Al Flaminio c’era aria di festa, mista a emozione e curiosità: come se la sarebbero cavata gli azzurri? Non era stato facile farsi ammettere in un club tanto esclusivo come l’International Championship. Per farlo, la nazionale italiana aveva dovuto sottoporsi a un duro apprendistato, svolto per lo più in coppa FIRA contro rumeni, sovietici, spagnoli e georgiani, avversari sempre coriacei. Poi, tra il 1995 e il 1998, mentre il rugby abbracciava il professionismo, erano giunti i risultati che avrebbero schiuso le porte del torneo. Sotto la guida saggia e sapiente di George Costes, l’Italia aveva confitto tre volte l’Irlanda, una volta la Scozia e una la Francia. Giocava bene, quella squadra, divertiva e vinceva. Il 16 gennaio 1998 il comitato del Cinque Nazioni accettò l’Italia nel Championship a partire dal 2000.
E dunque era giunto il giorno. In quel 5 febbraio al vecchio stadio le cose sembravano ancora un po’ improvvisate se non pionieristiche. La sala stampa era un antro oscuro adiacente agli orinatoi, la capienza era insufficiente, gli standard del Flaminio complessivamente inadeguati rispetto a quelli dei grandi, nobili stadi del torneo più antico del mondo. Ma per la prima volta Roma si trovava invasa da una tribù pacifica di tifosi di un’altra specie: le truppe gonnellate scozzesi mettevano allegria. Si percepivano buone vibrazioni.
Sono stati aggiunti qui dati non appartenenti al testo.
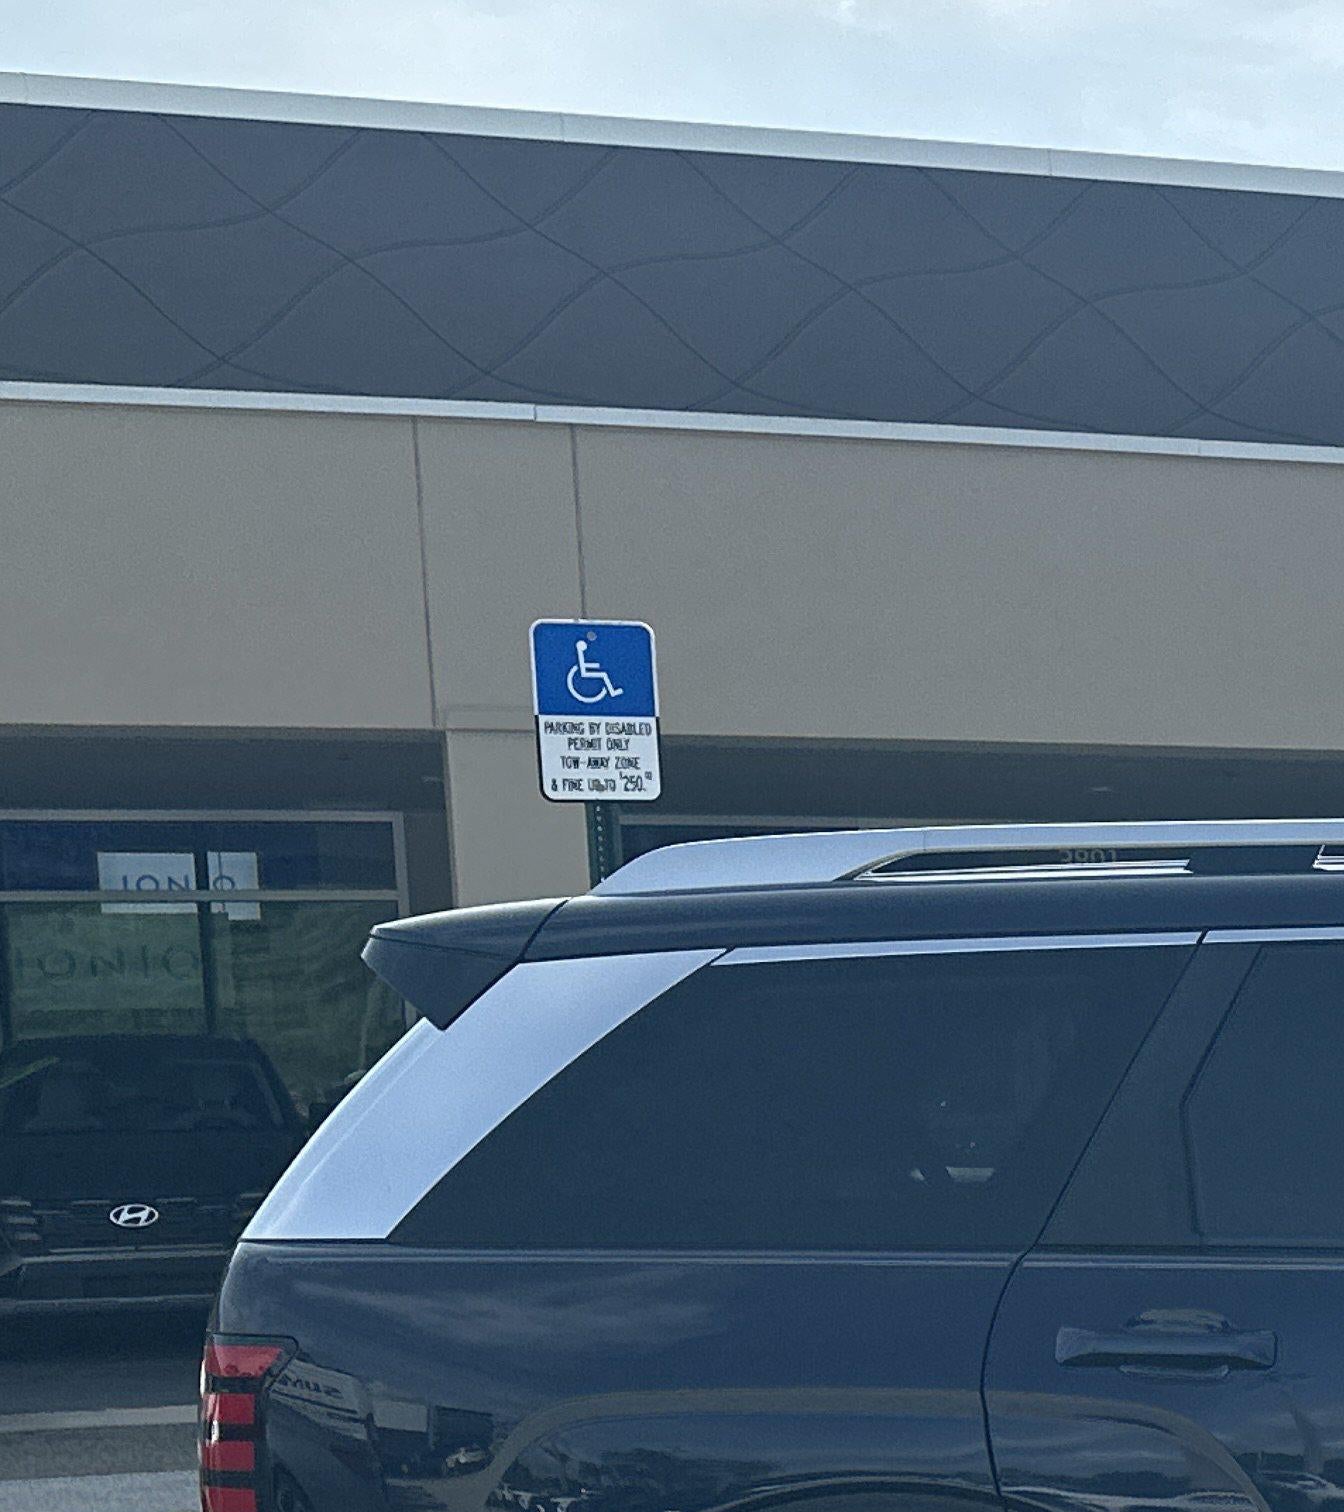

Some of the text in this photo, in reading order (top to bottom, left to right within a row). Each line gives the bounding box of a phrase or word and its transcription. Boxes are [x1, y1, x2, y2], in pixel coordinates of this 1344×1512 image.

[544, 721, 653, 737] PARKING BY DISABLED
[568, 738, 630, 751] PERMIT ONLY
[560, 756, 641, 770] TOW-AWAY ZONE
[551, 778, 558, 792] &
[562, 778, 584, 792] FINE
Fu un botto. L’Italia, che i bookmakers quotavano 250-1 ed era allenata da un neozelandese, Brad Johnstone, vinse la partita 34 a 20. Diego Dominguez fu spietato e mise dentro sei calci piazzati e tre drop. Ciccio De Carli segnò l’unica meta azzurra. Massimo Giovannelli, il capitano, si procurò il distacco della retina e fu quella la sua ultima, partita in nazionale. Nulla o quasi sembrava più impossibile. Ma fu un fuoco di paglia, un’illusione che durò appena due settimane. Il 19 febbraio l’Italia andò a Cardiff e all’Arm’s Park fu travolta 47-16 dai gallesi. Poi perse le altre tre partite con punteggi pesanti. L’anno successivo, il 2001, fu sempre sconfitta, e l’anno dopo ancora. Nelle prime tre edizioni del torneo vinse un solo match, all’esordio, e perse gli altri quattordici.
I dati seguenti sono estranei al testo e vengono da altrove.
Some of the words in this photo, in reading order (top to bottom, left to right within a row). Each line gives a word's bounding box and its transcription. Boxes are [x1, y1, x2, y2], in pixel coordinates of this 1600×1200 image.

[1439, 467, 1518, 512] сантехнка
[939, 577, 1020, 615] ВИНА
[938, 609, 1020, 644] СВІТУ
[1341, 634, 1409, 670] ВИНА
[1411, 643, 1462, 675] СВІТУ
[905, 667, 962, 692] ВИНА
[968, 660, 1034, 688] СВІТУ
La Scozia rimase tuttavia per molti anni l’avversario da battere. Il suo rugby era entrato in un tunnel e sembrava non uscirne più. Era crisi: stadi vuoti, stile di gioco combattivo ma tecnicamente povero. Delle tre franchigie che disputavano le coppe europee una, i Border Reivers di Galashiels, fu sciolta nel 2007 e rimasero solo Edimburgo e Glasgow. Anni di magra culminati, proprio nel 2007 con la sconfitta al Murrayfield contro l’Italia, unica partita che gli azzurri siano mai riusciti a vincere in trasferta. Fu il momento di massima euforia per l’ovale italiano: due settimane dopo giunse anche la vittoria, abbastanza rocambolesca, al Flaminio contro il Galles e l’Italia chiuse il torneo al quarto posto. Pochi mesi dopo, in coppa del mondo, la Scozia ci rese la pariglia. A Saint Etienne, in un match che decideva il passaggio al secondo turno, i calci piazzati di Chris Paterson consentirono agli scoti di superare di soli due punti la squadra azzurra. Fu una serata malinconica che ridimensionò le troppe ambizioni del rugby italiano.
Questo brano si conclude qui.